Record extracts:
######
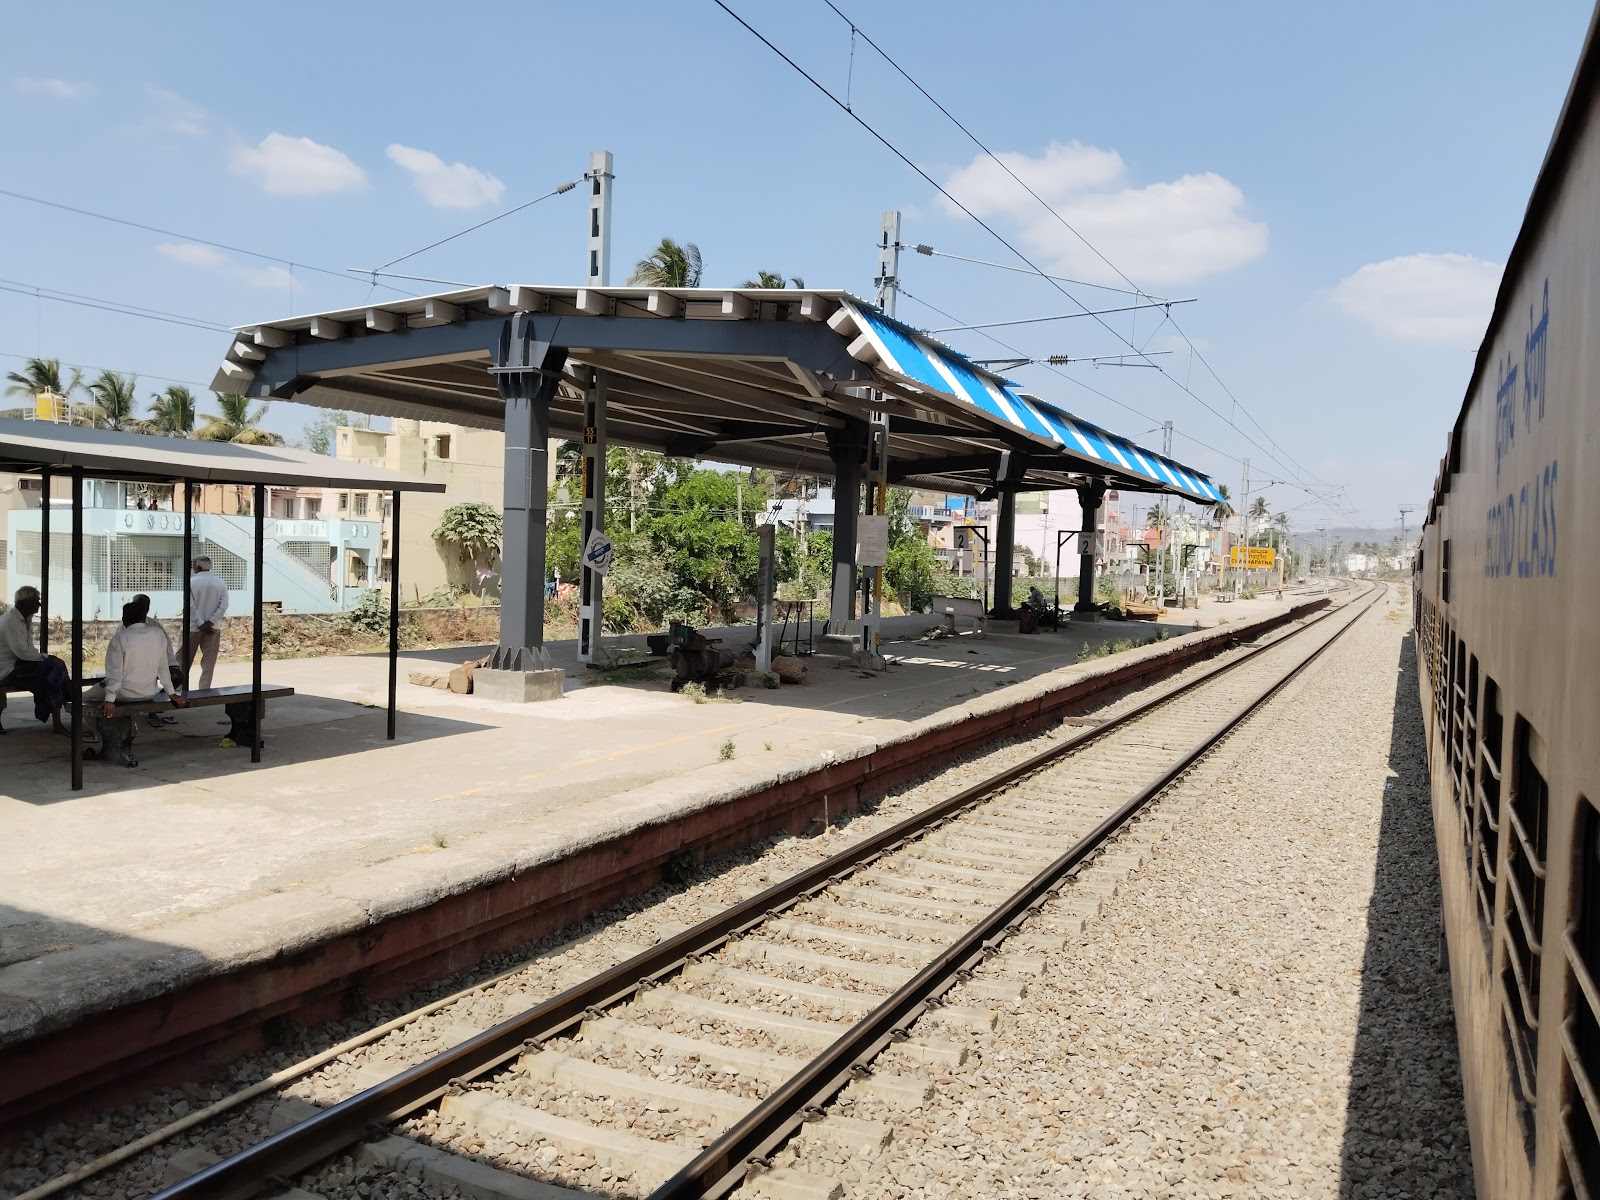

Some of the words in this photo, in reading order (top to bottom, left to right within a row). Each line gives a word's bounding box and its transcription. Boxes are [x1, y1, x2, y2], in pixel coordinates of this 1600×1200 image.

[1518, 459, 1558, 578] CLASS
[958, 534, 964, 548] 2
[1082, 540, 1089, 554] 2
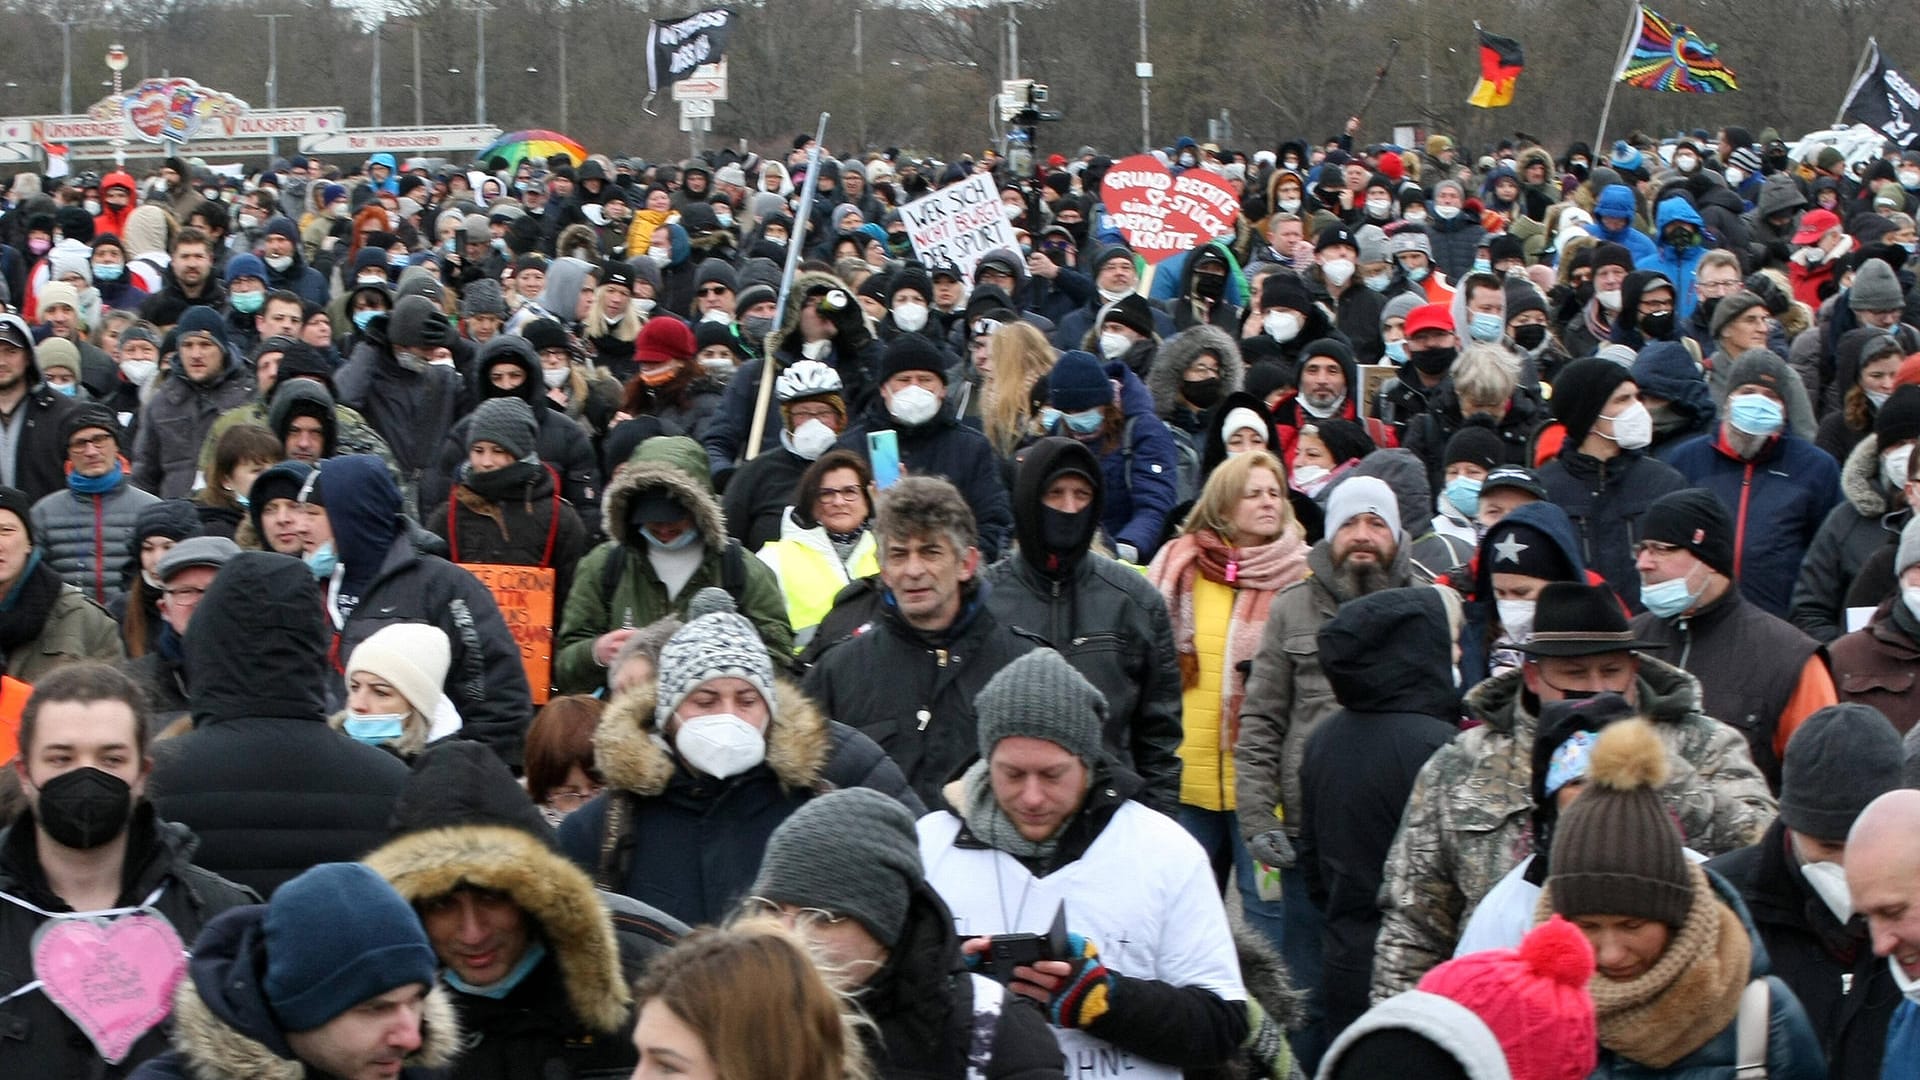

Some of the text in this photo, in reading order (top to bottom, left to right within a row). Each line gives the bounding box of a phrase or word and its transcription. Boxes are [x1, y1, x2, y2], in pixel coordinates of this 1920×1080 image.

[221, 115, 305, 136] VOLKSFEST
[907, 179, 989, 228] WER SICH
[1104, 171, 1240, 216] GRUND RECHTE
[1120, 197, 1172, 218] einer
[914, 199, 1002, 248] NICHT BEWEGT
[1130, 230, 1198, 250] KRATIE
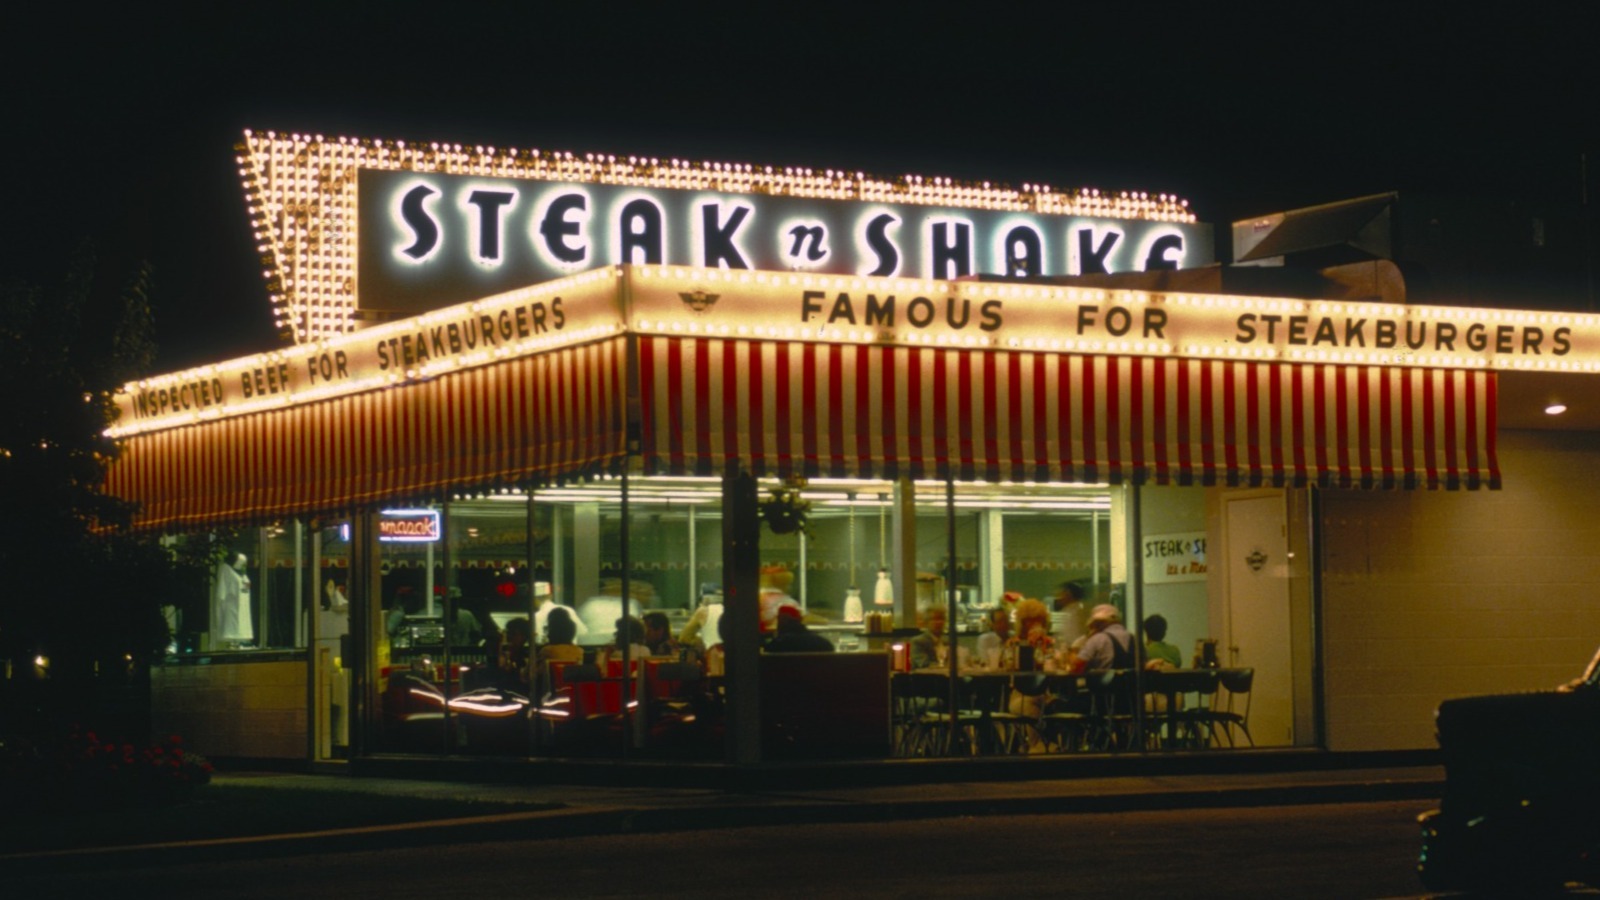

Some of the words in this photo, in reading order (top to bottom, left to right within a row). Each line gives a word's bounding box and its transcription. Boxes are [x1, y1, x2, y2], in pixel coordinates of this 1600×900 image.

[400, 184, 752, 270] STEAK
[787, 224, 829, 262] n
[865, 213, 1183, 279] SHAKE
[132, 378, 224, 419] INSPECTED
[241, 362, 289, 399] BEEF
[308, 350, 349, 386] FOR
[377, 296, 566, 370] STEAKBURGERS
[801, 290, 1003, 331] FAMOUS
[1076, 305, 1169, 339] FOR
[1235, 312, 1572, 356] STEAKBURGERS
[1146, 540, 1184, 558] STEAK
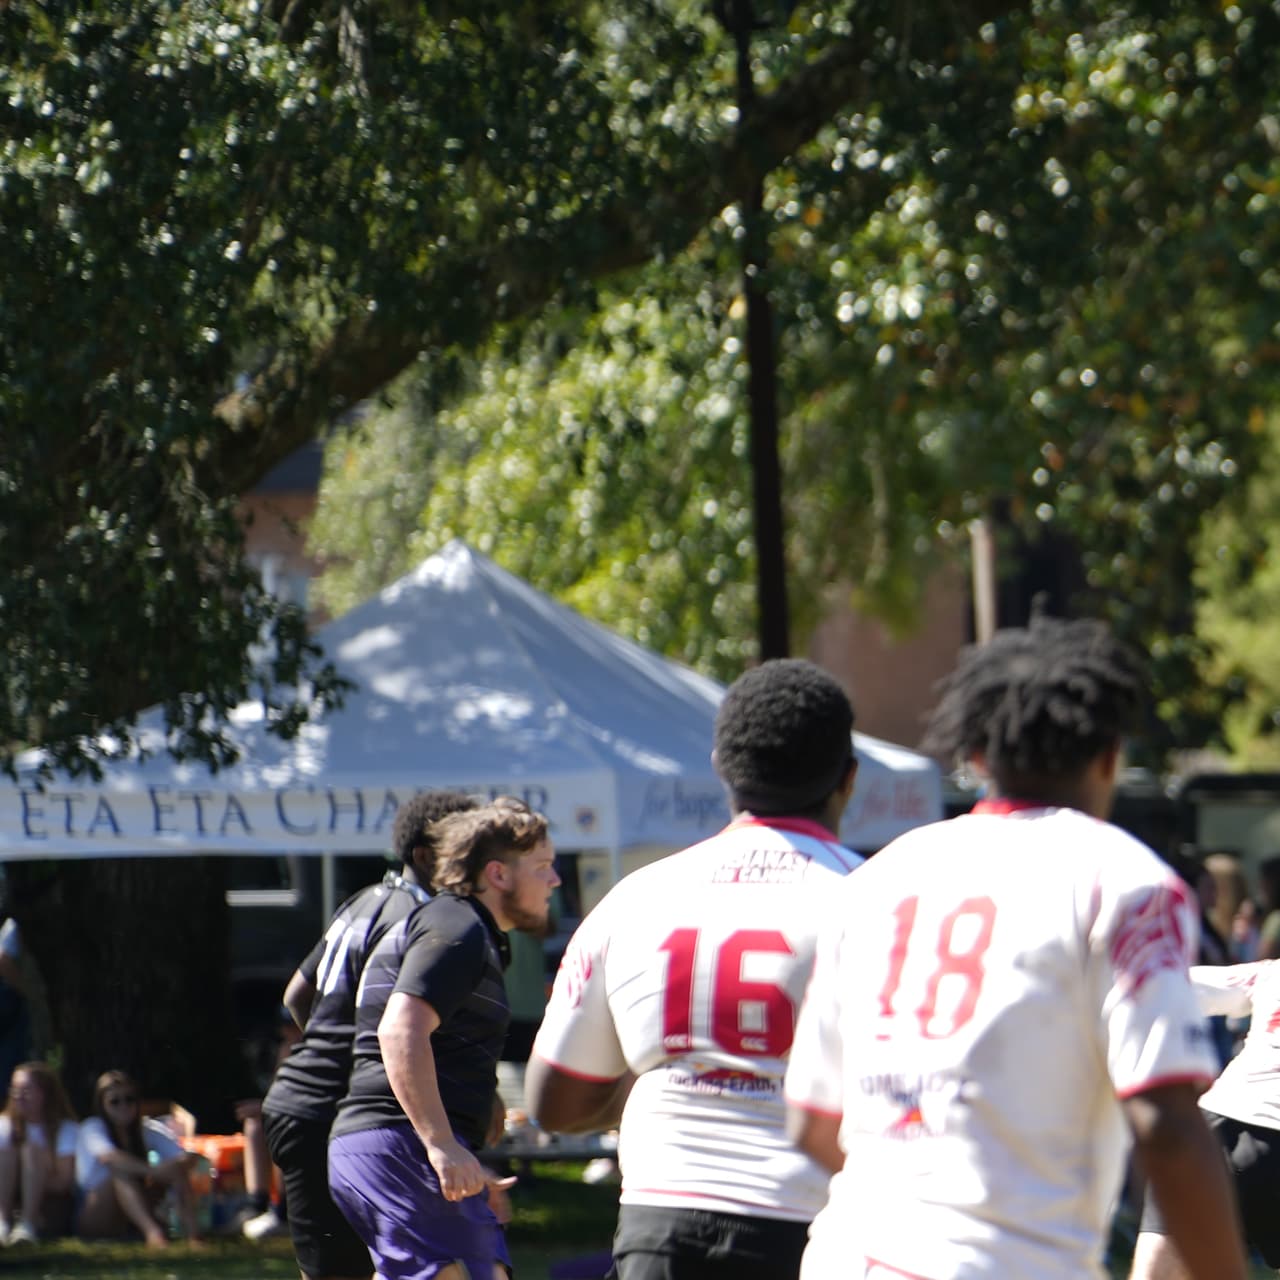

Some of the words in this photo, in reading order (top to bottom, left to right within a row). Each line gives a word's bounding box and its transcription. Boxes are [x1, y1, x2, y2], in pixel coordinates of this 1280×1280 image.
######
Problem to solve:
What is needed is a verbatim copy of the material, minus its pictures.

Exercise answer:
Some of the words in this photo, in reading order (top to bottom, left to right within a row). Each line gives a word's bounding box and its transcription. Boxes are [x1, y1, x2, y2], in pixel coordinates of this 1600×1200 image.

[1518, 459, 1558, 578] CLASS
[958, 534, 964, 548] 2
[1082, 540, 1089, 554] 2

Some of the text in this photo, in reading order (top to bottom, left to right within a row). Each line gives the bounding box of a phrase or word and its transcription. Boxes are [x1, y1, x2, y2], in pixel coordinates of this 1920×1080 image.

[221, 115, 305, 136] VOLKSFEST
[907, 179, 989, 228] WER SICH
[1104, 171, 1240, 216] GRUND RECHTE
[1120, 197, 1172, 218] einer
[914, 199, 1002, 248] NICHT BEWEGT
[1130, 230, 1198, 250] KRATIE

Some of the words in this photo, in reading order (top to bottom, left to right within a row). Each line gives a word's bounding box and its transcription. Boxes are [x1, y1, x2, y2], in pixel coordinates of this 1600×900 image.

[400, 184, 752, 270] STEAK
[787, 224, 829, 262] n
[865, 213, 1183, 279] SHAKE
[132, 378, 224, 419] INSPECTED
[241, 362, 289, 399] BEEF
[308, 350, 349, 386] FOR
[377, 296, 566, 370] STEAKBURGERS
[801, 290, 1003, 331] FAMOUS
[1076, 305, 1169, 339] FOR
[1235, 312, 1572, 356] STEAKBURGERS
[1146, 540, 1184, 558] STEAK

Some of the words in this photo, in reading order (top to bottom, left to right within a row). Each line gives a word's bounding box and its transcription. Boxes are [x1, y1, x2, y2], in pixel coordinates of this 1280×1280 image.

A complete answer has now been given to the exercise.